NF90 regulates cell cycle exit and terminal myogenic differentiation by direct binding to the 3'-untranslated region of MyoD and p21WAF1/CIP1 mRNAs.

NF90 and splice variant NF110/ILF3/NFAR are double-stranded RNA-binding proteins that regulate gene expression. Mice with targeted disruption of NF90 were engineered. NF90(-/-) mice were born small and weak and succumbed to perinatal death within 12 h because of neuromuscular respiratory failure. Lung inflation and morphology were normal in NF90(-/-) mice. The diaphragm and other skeletal muscles in NF90(-/-) mice demonstrated disorganized arrangement and paucity of myofibers, evidence of myocyte degeneration and increased apoptosis.
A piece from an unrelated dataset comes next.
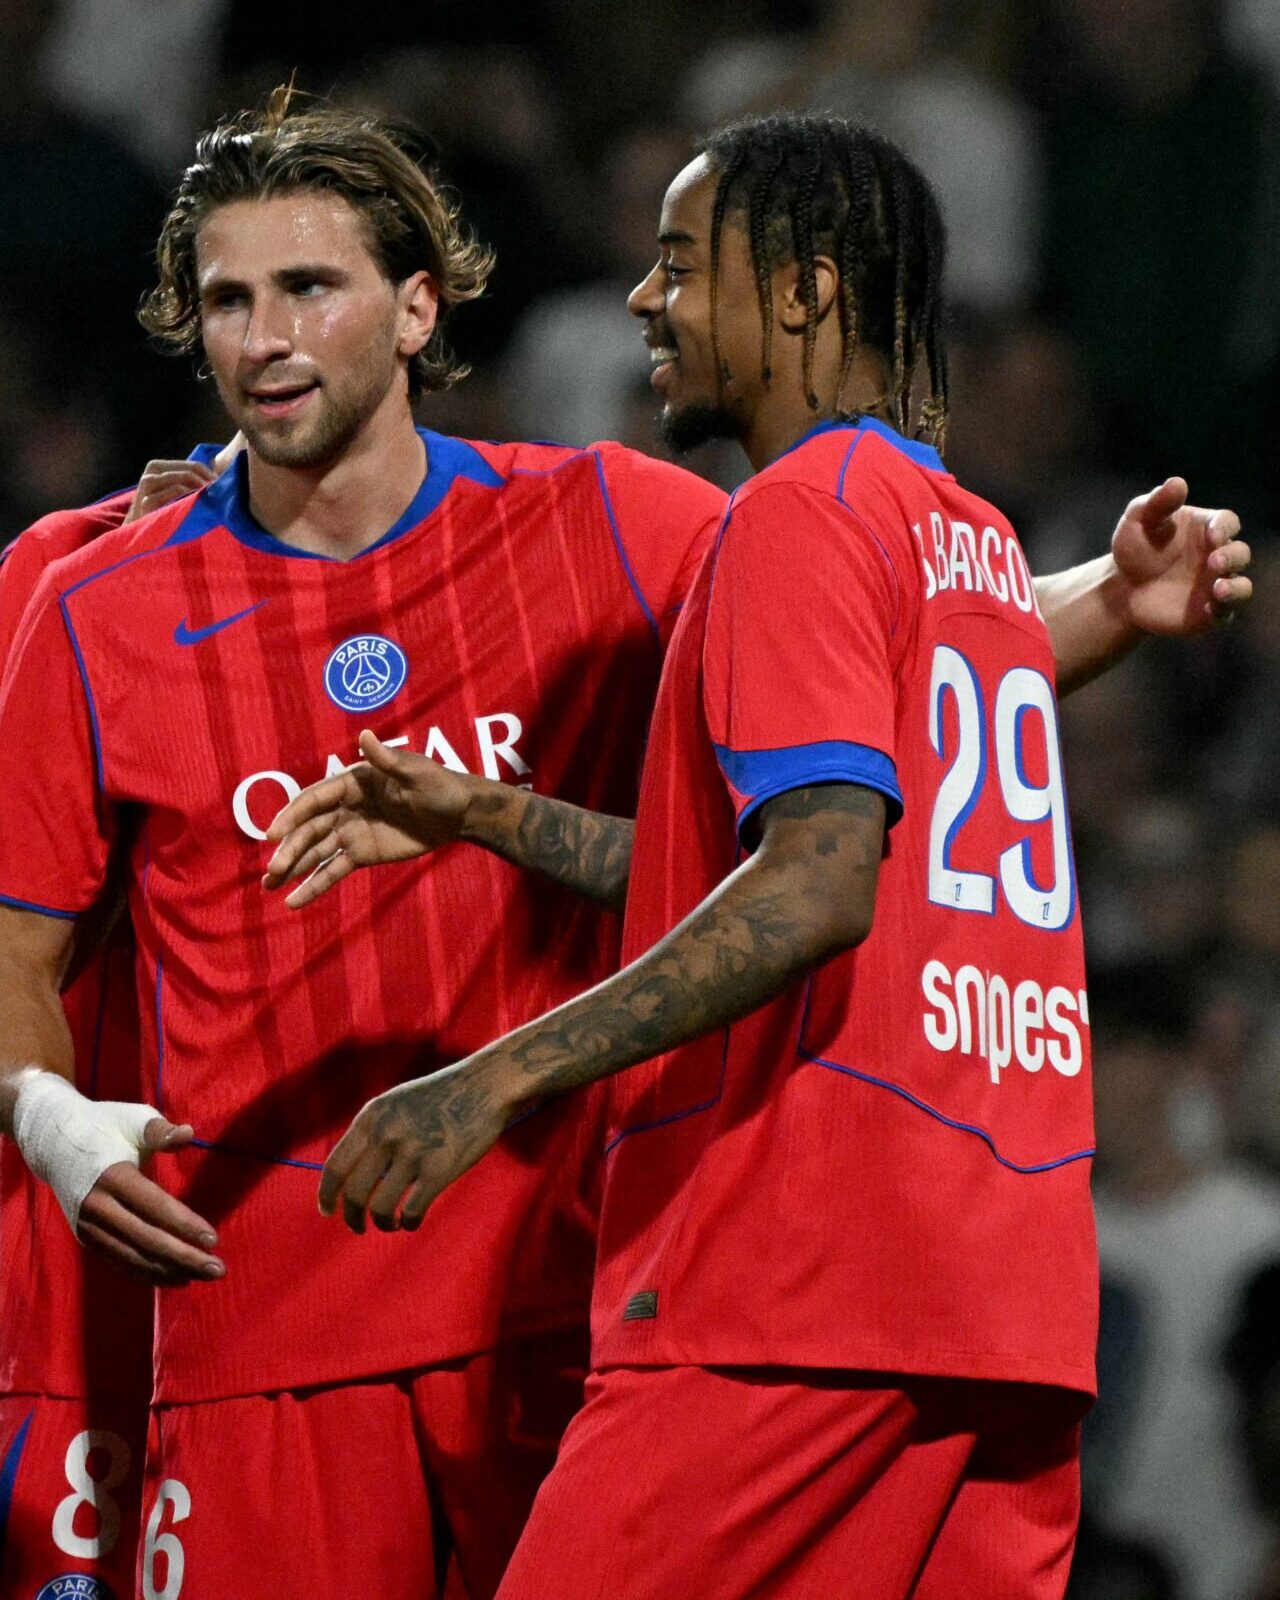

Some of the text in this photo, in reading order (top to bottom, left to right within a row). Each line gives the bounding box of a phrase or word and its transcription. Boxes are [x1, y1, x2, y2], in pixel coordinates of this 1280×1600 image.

The expression of myogenic regulators, MyoD, myogenin, and p21WAF1/CIP1, was severely decreased in NF90(-/-) mice. These myogenic transcription factors and cell cycle inhibitors are regulated in part through post-transcriptional mRNA stabilization. Northwestern blotting revealed that NF90 is the principal and specific p21WAF1/CIP1 and MyoD 3'-untranslated region RNA-binding protein in developing skeletal muscles. NF90 regulates transcription factors and a cell cycle inhibitor essential for skeletal muscle differentiation and for survival.